The Lettow-Vorbeck Conspiracy

Here's my new timeline, charting the political career of everyone's favourite German general of the First World War - Paul Emil von Lettow-Vorbeck.


Chapter One: Rise and Fall


“The disastrous 1928 Reichstag election saw the DNVP lose 30 seats, with their share of the vote falling to 14.3%. The Reichstag was now dominated by the left-wing Socialist (SPD) and Communist (KPD) parties, who held 153 and 54 seats respectively … Recriminations followed within the DNVP with Alfred Hugenberg, the chairman of the party, challenging Kuno Graf von Westarp for the party leadership.

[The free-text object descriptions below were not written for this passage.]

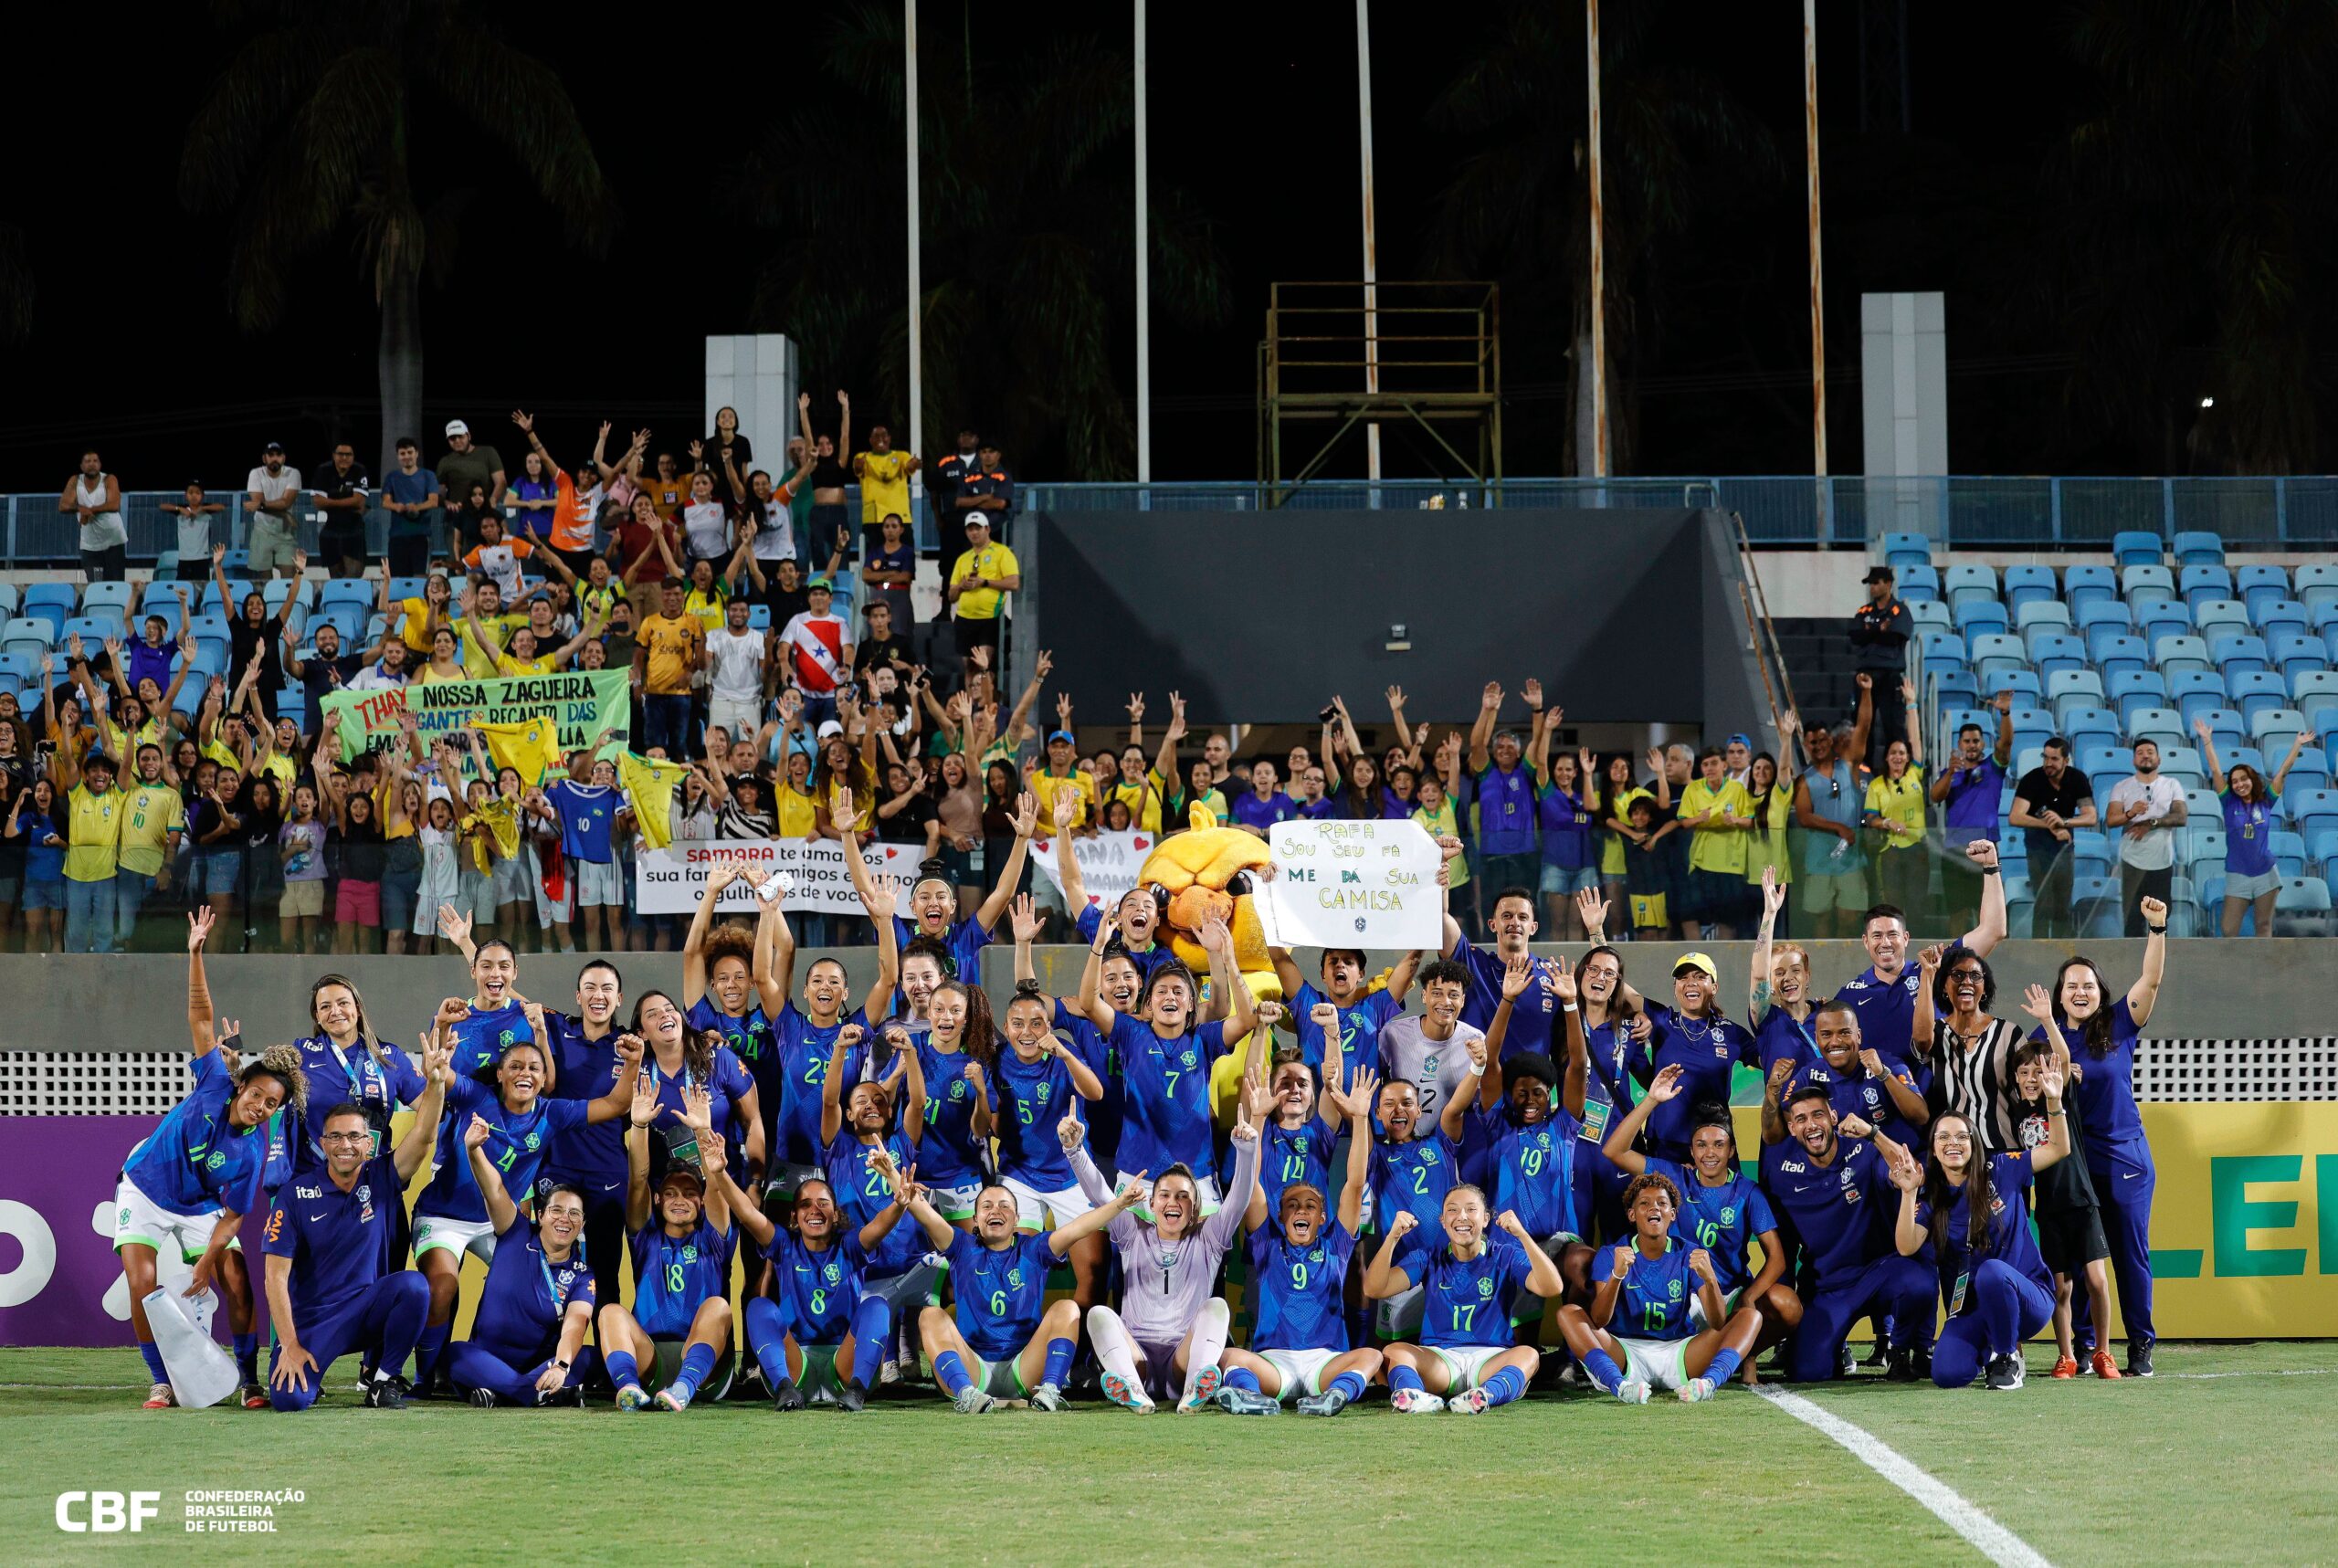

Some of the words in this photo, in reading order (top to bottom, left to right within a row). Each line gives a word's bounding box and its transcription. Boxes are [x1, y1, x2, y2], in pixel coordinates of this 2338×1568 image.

[353, 688, 407, 729] THAY
[423, 686, 488, 709] NOSSA
[500, 676, 596, 704] ZAGUEIRA
[567, 702, 597, 722] DAS
[132, 812, 145, 829] 10
[576, 817, 591, 833] 10
[1313, 823, 1374, 845] RAFA
[687, 847, 774, 862] SAMARA
[780, 847, 797, 860] te
[802, 848, 883, 866] amaos
[1280, 837, 1316, 859] SOU
[1332, 844, 1364, 858] SEU
[646, 870, 679, 882] sua
[1288, 868, 1316, 882] ME
[1342, 868, 1361, 883] DÁ
[1385, 868, 1419, 885] SUA
[801, 885, 821, 900] de
[826, 889, 863, 903] voc
[1318, 887, 1403, 910] CAMISA
[302, 1039, 324, 1052] itaú
[728, 1034, 758, 1061] 24
[1165, 1070, 1180, 1099] 7
[1017, 1099, 1034, 1124] 5
[497, 1145, 518, 1173] 4
[1281, 1154, 1306, 1183] 14
[1520, 1146, 1543, 1176] 19
[1781, 1160, 1806, 1173] itaú
[295, 1185, 323, 1199] itaú
[1412, 1166, 1429, 1194] 2
[269, 1208, 285, 1243] vivo
[1695, 1218, 1720, 1248] 16
[665, 1263, 686, 1293] 18
[1163, 1268, 1169, 1295] 1
[1291, 1262, 1308, 1290] 9
[810, 1288, 827, 1315] 8
[990, 1289, 1006, 1317] 6
[1452, 1304, 1477, 1331] 17
[1643, 1300, 1668, 1331] 15

However, his attempt to move the party away from its traditional monarchist stance and towards an alliance with the NSDAP was frustrated when, on 29th May 1928, he was arrested for tax fraud. Although later released without charge the accusations dented his political integrity amongst the grassroots supporters of the party, and he withdrew his challenge two weeks later. Despite this, Westarp resigned from the party leadership, naming famed war-hero Paul Emil von Lettow-Vorbeck as his temporary successor.

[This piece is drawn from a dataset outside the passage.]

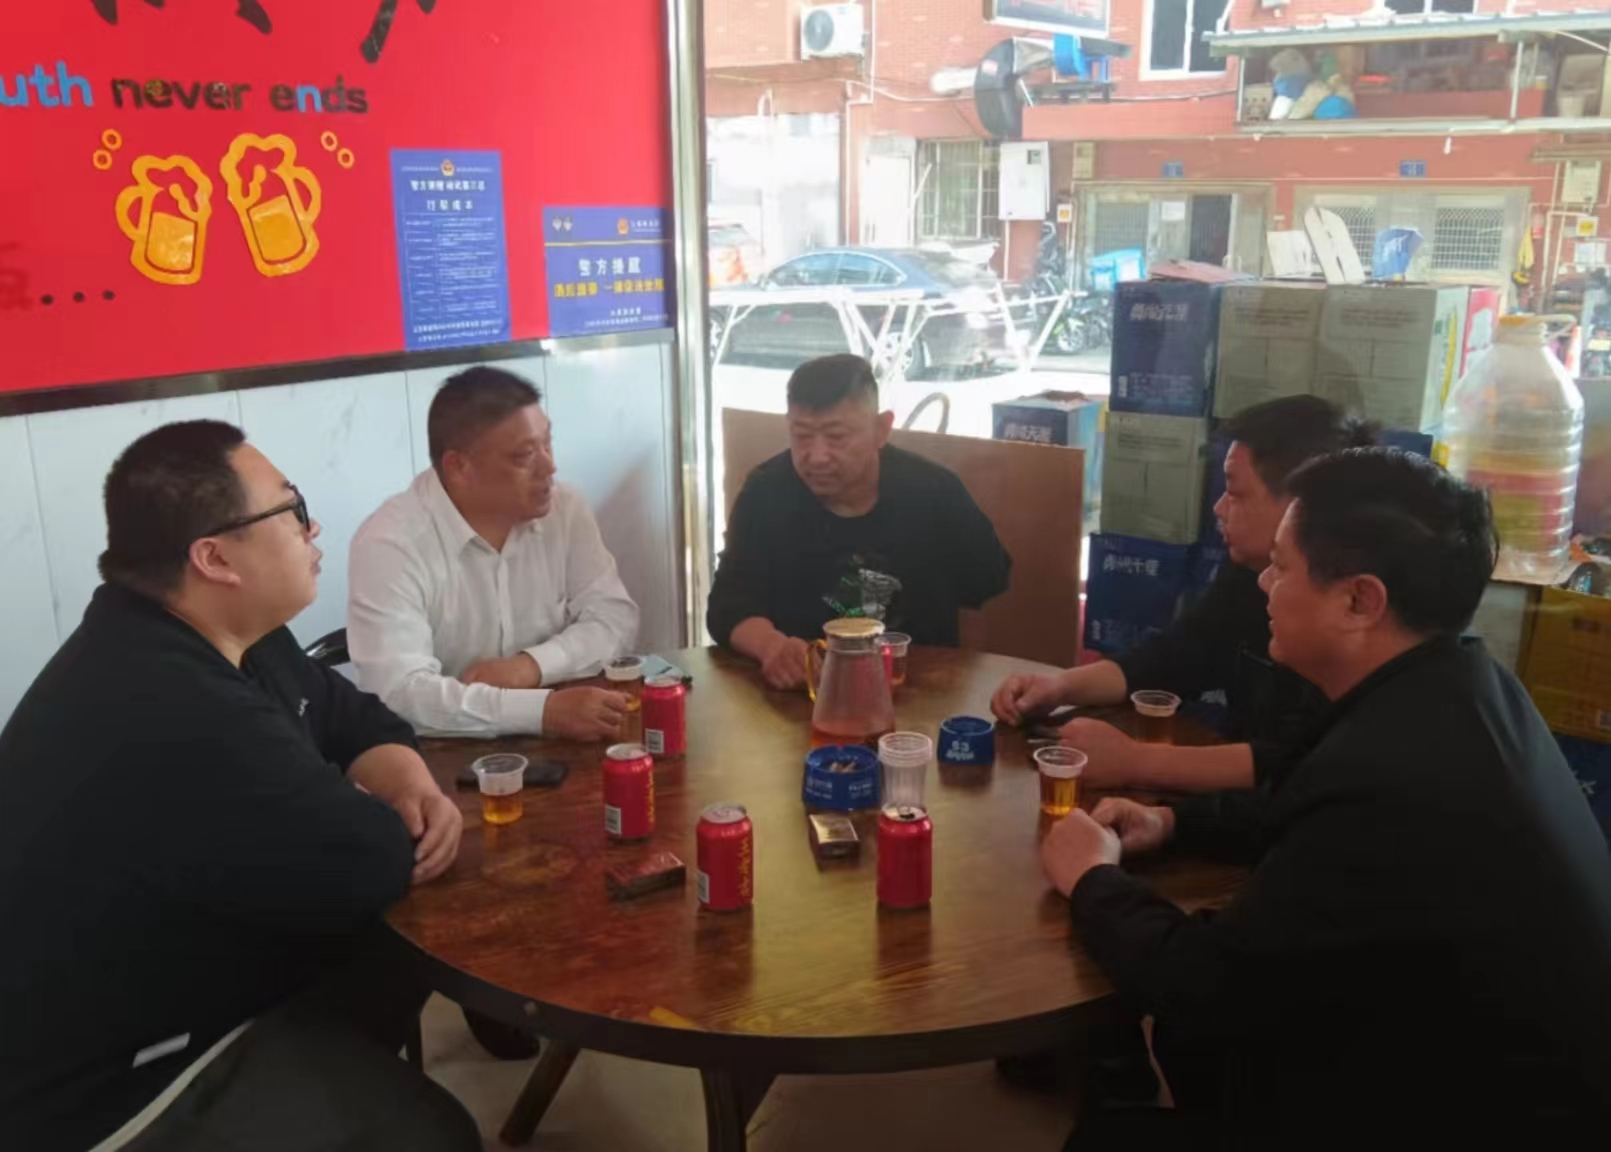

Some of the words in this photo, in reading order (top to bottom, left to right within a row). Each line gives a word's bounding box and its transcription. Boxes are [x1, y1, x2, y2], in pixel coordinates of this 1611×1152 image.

Lettow-Vorbeck’s first major action as leader of the party was to begin negotiations with the ‘Stalhelm’ (Steel Helmet – an ex-servicemen’s organisation) with regards to the formation of a popularly nationalist alliance against socialism and Nazism. In July 1928 Lettow-Vorbeck met with Hans-Jurgen von Blumenthal, editor of the Stalhelm journal, and an agreement was made whereby a united front would be formed to fight the next election. This Vorbeck-Blumenthal Pact was to be the first step towards re-establishing the DNVP as a force to be reckoned with in German politics.

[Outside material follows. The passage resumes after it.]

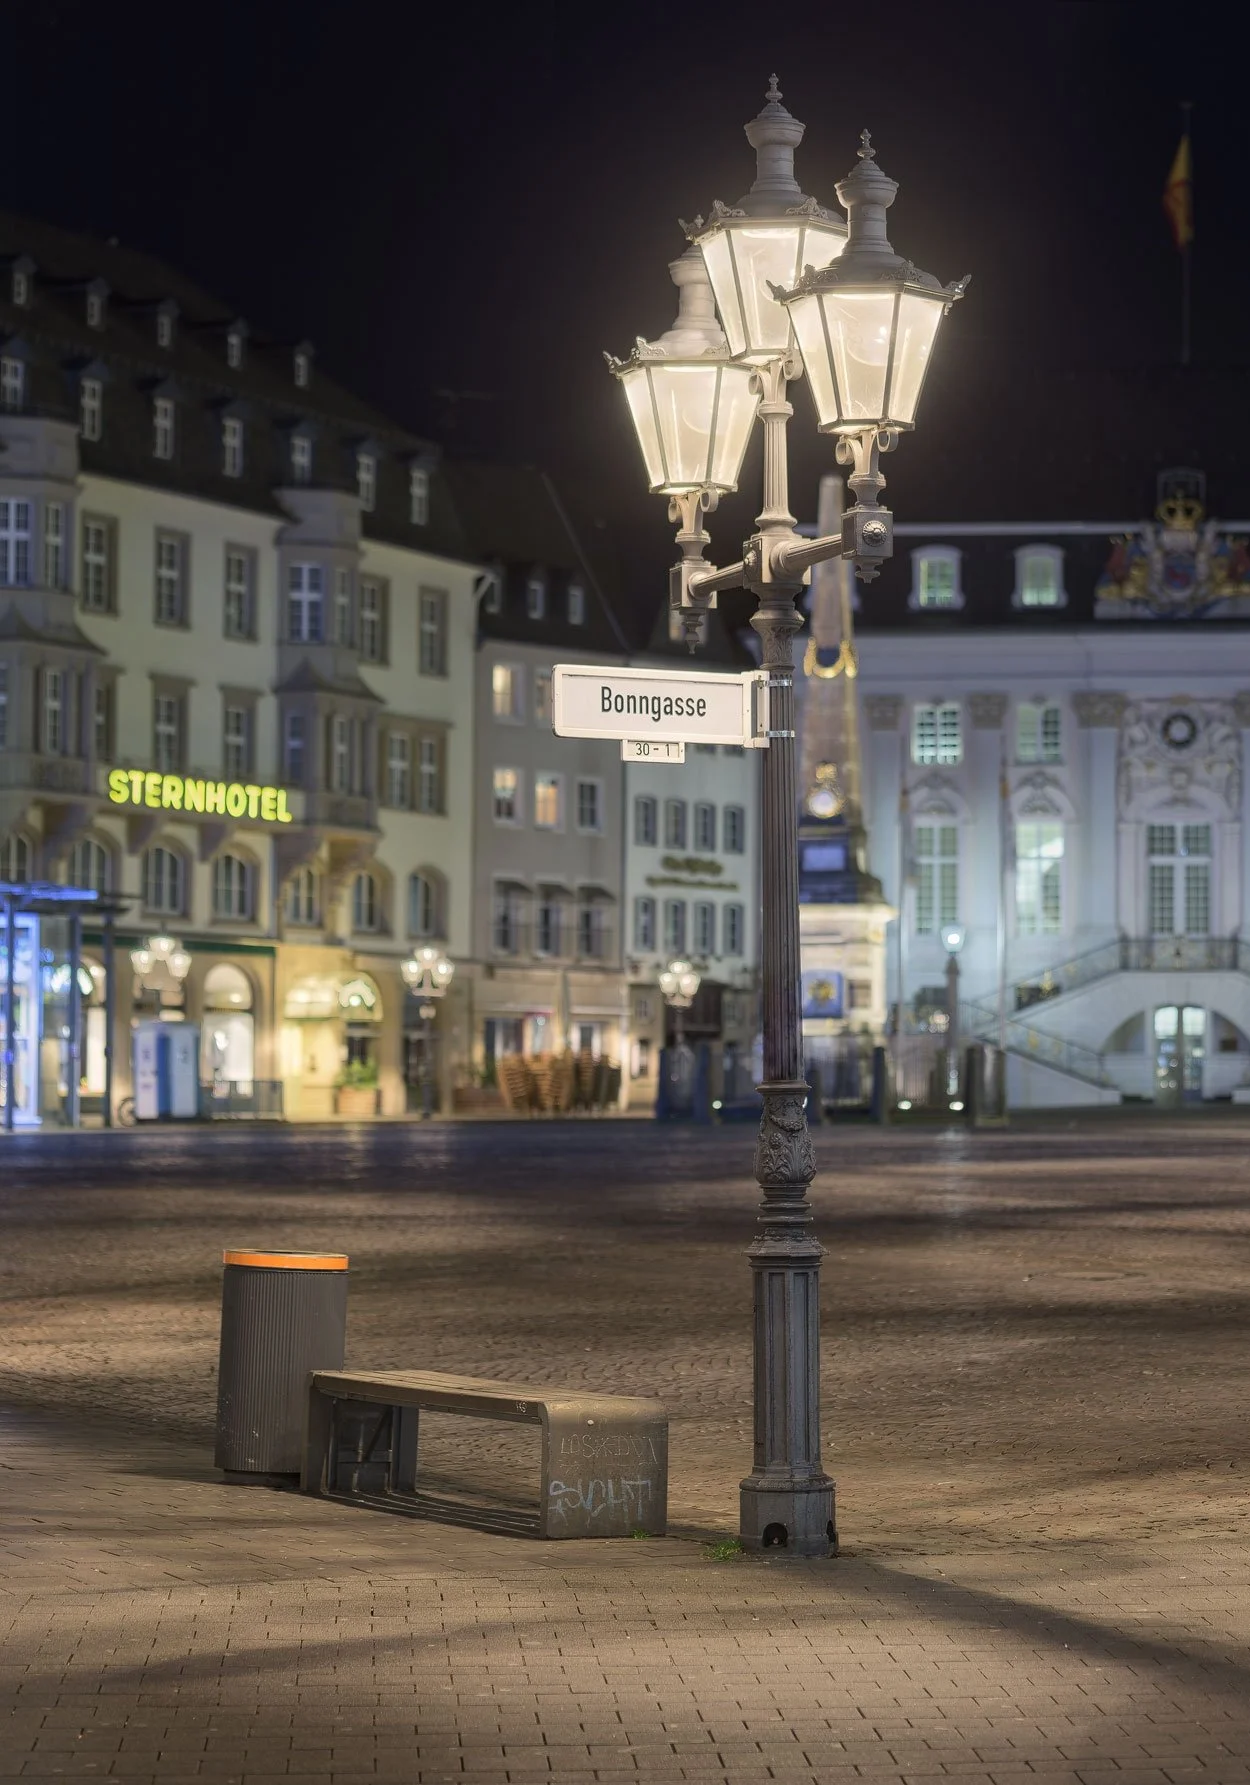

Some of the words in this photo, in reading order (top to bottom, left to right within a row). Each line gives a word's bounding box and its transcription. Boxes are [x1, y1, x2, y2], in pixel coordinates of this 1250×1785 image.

[601, 686, 706, 722] Bonngasse
[635, 743, 649, 756] 30
[665, 744, 670, 756] 1
[108, 769, 292, 823] STERNHOTEL

A second, unanticipated success came with the collapse of the Catholic Centre Party in October of 1928. Divisions within the party had persisted, with the broad policy of support for the Catholic Church not enough to unite Christian trade-unionists on the left of the party and Christian nationalists on the right. Of the party’s 61 Reichstag deputies, 22 (including Franz von Papen) joined the DNVP, 9 the Bavarian People’s Party (BVP), and 6 the Christian-National Peasanst’s and Farmer’s Party (CNBL). The remaining 24 deputies formed a new party – known as the Christian Party (CP). The end of the Centre Party cemented the DNVP as the second biggest party in the Reichstag, and left them as the most obvious rival to the SPD.”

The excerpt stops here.